Texas Hemp Ban Leads To Legal Showdown

Texas Hemp Manufacturers Sue the State Over “Smokable Hemp” Ban

When Texas lawmakers signed House Bill 1325 in June 2019, things seemed to be going smoothly for hemp users. The bill permits the production, manufacture, retail sale, and inspection of hemp crops and products in the state.

A recent change to the framework of hemp sales in Texas, however, has created a wedge in the hemp industry. The Texas Agriculture Code banned the sale of “smokable” products in August. It does not ban edible goods and topically applied products, but hemp farmers and small business owners are still frustrated with the impact they say this framework has on them – in fact, they’ve filed a lawsuit against the state.

Specifically, four businesses, including hemp manufacturers and retailers, joined to file a lawsuit against the Texas Department of State Health Services (DSHS) and its commissioner, John Hellerstedt. The lawsuit aims to stop the DSHS’ ban on the development and sales of smokable hemp products in the state. The plaintiffs claim the ban inhibits their ability to participate in the growing hemp market, and, therefore, keep their jobs and generate tax revenue.

The Texas Hemp Growers, a network of Texan farmers and sellers who would be affected by the ban, also took action.

“This ban is a punitive kick in the teeth to Texas’ small businesses and enterprising farmers,” said Zachary Maxwell, president of the Texas Hemp Growers, in a statement.
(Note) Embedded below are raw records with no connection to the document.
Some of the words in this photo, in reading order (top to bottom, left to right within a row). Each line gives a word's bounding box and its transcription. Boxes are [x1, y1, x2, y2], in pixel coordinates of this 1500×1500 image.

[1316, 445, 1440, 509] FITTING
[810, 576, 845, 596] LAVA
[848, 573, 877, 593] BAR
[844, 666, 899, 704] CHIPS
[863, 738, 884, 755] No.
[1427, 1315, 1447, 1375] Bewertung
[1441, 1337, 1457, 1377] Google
Members of the group raised $15,000 for the Texas Hemp Legal Defense Fund, which was created to support legal action like this.

“Texas will forfeit millions in tax revenue to more competitive states by denying the industry full access to this federally legal plant,” Maxwell said.
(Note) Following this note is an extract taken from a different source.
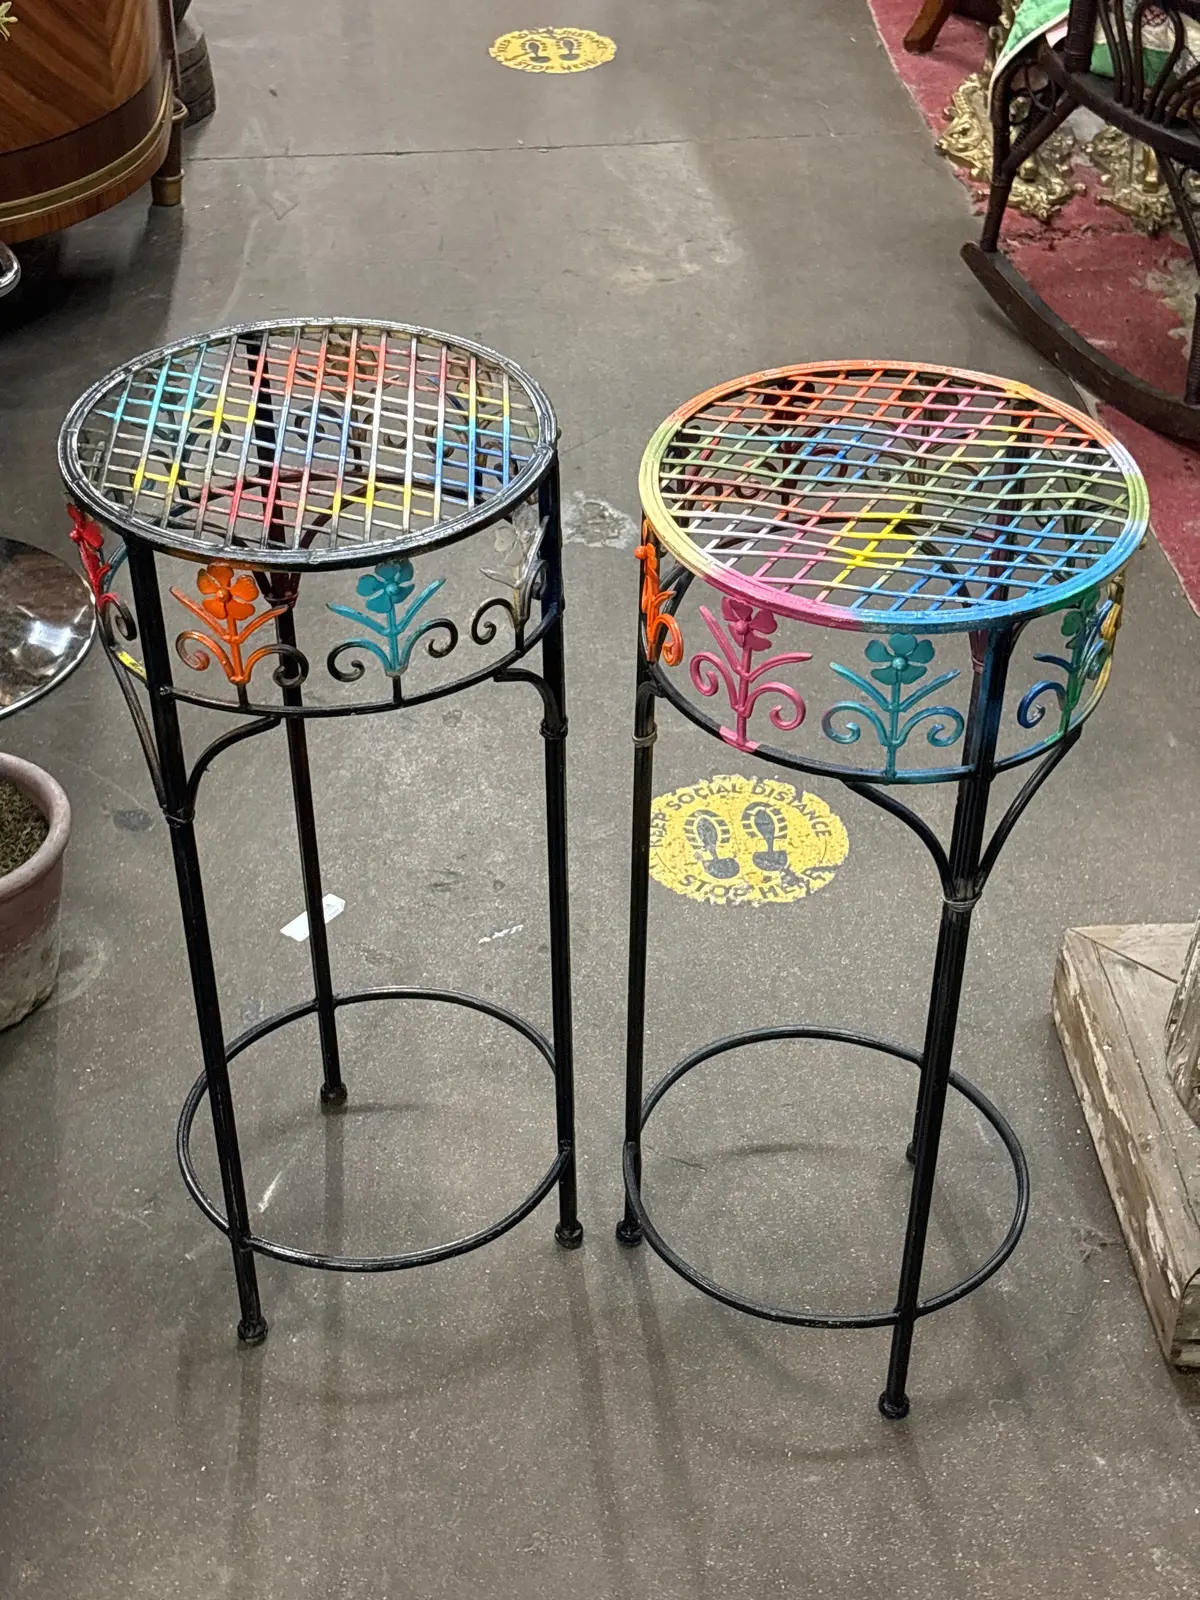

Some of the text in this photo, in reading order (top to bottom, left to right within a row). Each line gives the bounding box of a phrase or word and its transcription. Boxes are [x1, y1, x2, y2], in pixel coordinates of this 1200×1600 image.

[514, 57, 598, 70] STOP HERE
[666, 783, 744, 810] SOCIAL
[751, 784, 832, 838] DISTANCE
[678, 874, 753, 899] STOP
Texas Monthly noted that CBD was once believed to be a saving grace for hopefuls in the Texas agriculture industry. Some farmers, they said, were “betting that CBD products will save Texas agriculture from the ruinous effects on commodity prices of the ongoing trade war with China.”

Things did not unfold as they had anticipated, though. Hemp was not as profitable as some expected, and with this ban, a profitable outcome would go from unlikely to nearly impossible.

Jax Finkel, the executive director of the Texas arm of the National Organization for the Reformation of Marijuana Laws (NORML), spoke to Houston Public Media about the impact a ban like this could have on workers in the hemp industry:

“For some of these businesses, those types of products make up about half of what they’re selling,” he explained. “These are businesses that have been able to stay open during the pandemic because of delivery options and curb-side options. [They’ve] been able to, at least, keep their employees partially, if not fully, employed.”